RECUERDO DE GIL-ALBERT
Cuando nos conocimos en Valencia, en enero de 1975, después de casi un año de carteo e intercambio de algunos libros, el encuentro resultó tan grato, que yo creí haber conocido a Juan hacía tanto tiempo ( tan familiar me era ) que lo tuteé desde el principio. Al despedirnos – junto a la armónica salita llena de adornos de clásico y anticuado sabor – caí en la cuenta y me excusé con Juan por haberlo tuteado de entrada ( el tuteo aún era entonces menos habitual que ahora y además si yo tenía 23 años, Juan tenía ya setenta, aunque nos lo confesara) a lo que naturalmente me respondió que había hecho bien, que era lógico tutearse en una amistad que nacía tan clara, pero que nos habíamos perdido los dos – añadió – un pequeño placer. ¿Cuál?, repuse.
-Pues el de habernos permitido el tuteo. Porque siempre es bonito ese momento que confirma lo que intuyes, pero que lo confirma de verdad.

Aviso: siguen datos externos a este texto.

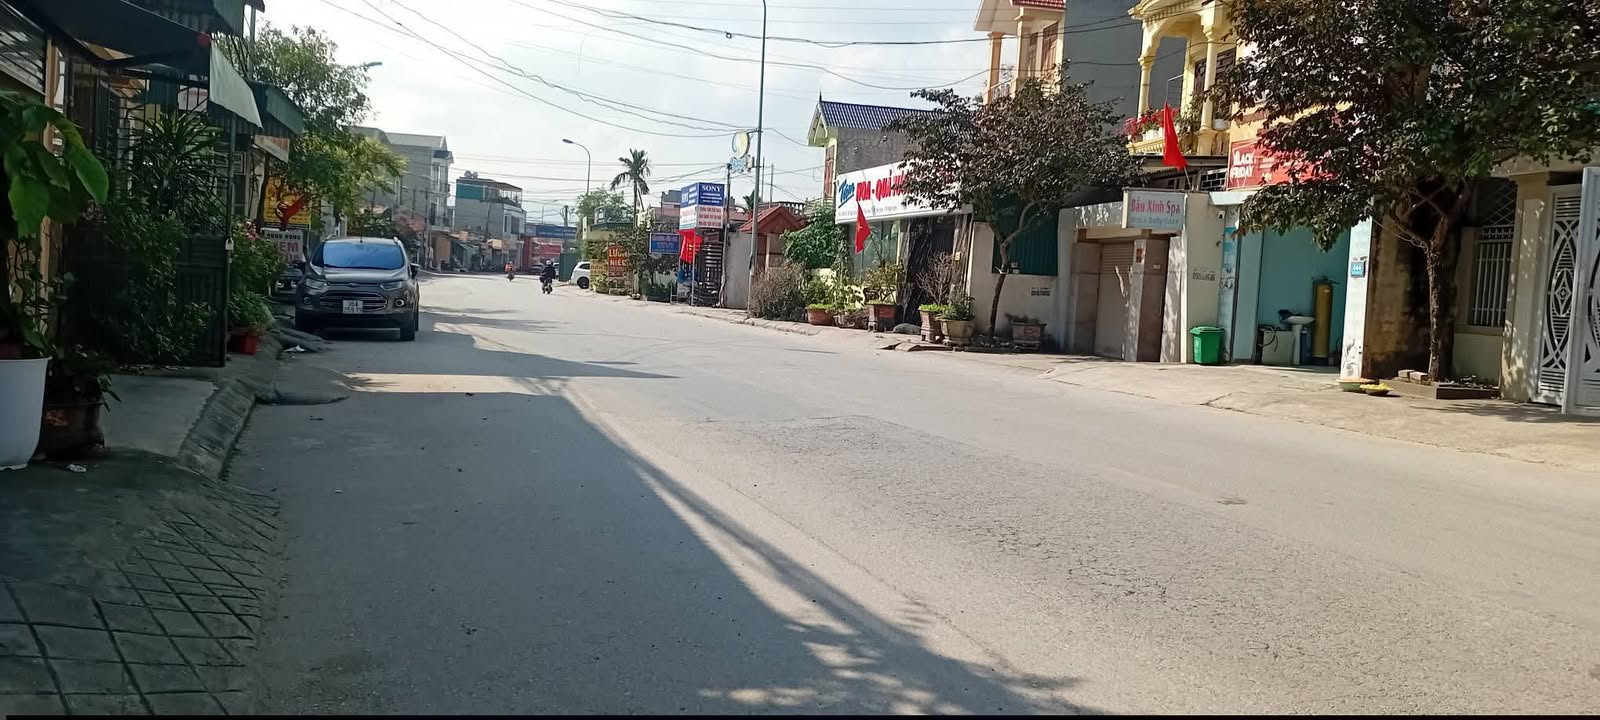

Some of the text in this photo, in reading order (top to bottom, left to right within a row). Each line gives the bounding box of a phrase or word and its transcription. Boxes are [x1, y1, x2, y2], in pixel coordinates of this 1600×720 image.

Tenía razón. Menudo, frágil, no muy alto, con gafas y un bigote ya cano, Juan Gil-Albert (1904-1994) pareció siempre – envejeciendo con esmerada pulcritud – un caballero muy clásico y quizás algo débil, sin aguante… Mal se juzgaría entonces –por la mera apariencia atildada- a un hombre de honda reciedumbre y nervatura moral, que había aprendido en los clásicos la sabiduría del estoicismo mezclada al epicureismo que busca un jardín, pero que nunca es banalmente hedonista. Hijo de una familia de comerciantes que habían hecho dinero en la Valencia de 1900, Juan Gil-Albert se crió y quiso vivir como un señorito, se decía entonces, aunque no le faltaran momentos en que rozó o estuvo en la pobreza. Cuando por defender sus ideas republicanas tuvo que irse de España en 1939 ( un republicano que amaba los antiguos fastos monárquicos) no lo dudó, y se marchó a México con lo puesto. Pero cuando ocho años más tarde – en 1947 – regresó por motivos familiares, aún sabiendo que aquí le esperaba el ostracismo y lo que se llamó después el exilio interior, tampoco lo dudó: Como los creadores de verdad, como los que sienten el arte más que la ganancia, Gil-Albert pensó en su obra y pensó en su vida, quizá pensó además en la Fama ( con mayúscula, pues hablamos de un talante clásico) pero nunca pensó en el éxito, y mucho menos en ese éxito inmediato, mediático y fácil que hoy tantos autores – más ejecutivos del oficio que artistas – parecen necesitar infaltablemente, pues por él pisotean y trepan. Todo eso estaba a mil años luz de Juan Gil-Albert, tan fiel a si mismo, como fiel a Marco Aurelio o a Epicuro. Ser homosexual le convertía en un esteta de la joven belleza masculina ( así lo explica en su hermoso tratado Heraclés editado en 1975, pero escrito veinte años antes cuando en España no se podía publicar ) pero le volvía también un ser robusto – éticamente robusto – pues debía saber defender y ensalzar su diferencia. Con Luis Cernuda, Juan Gil-Albert fue un pionero en España de la dignificación de la realidad homoerótica, que implica una ética – una moral – distinta a la católica, por lo que fue históricamente perseguida.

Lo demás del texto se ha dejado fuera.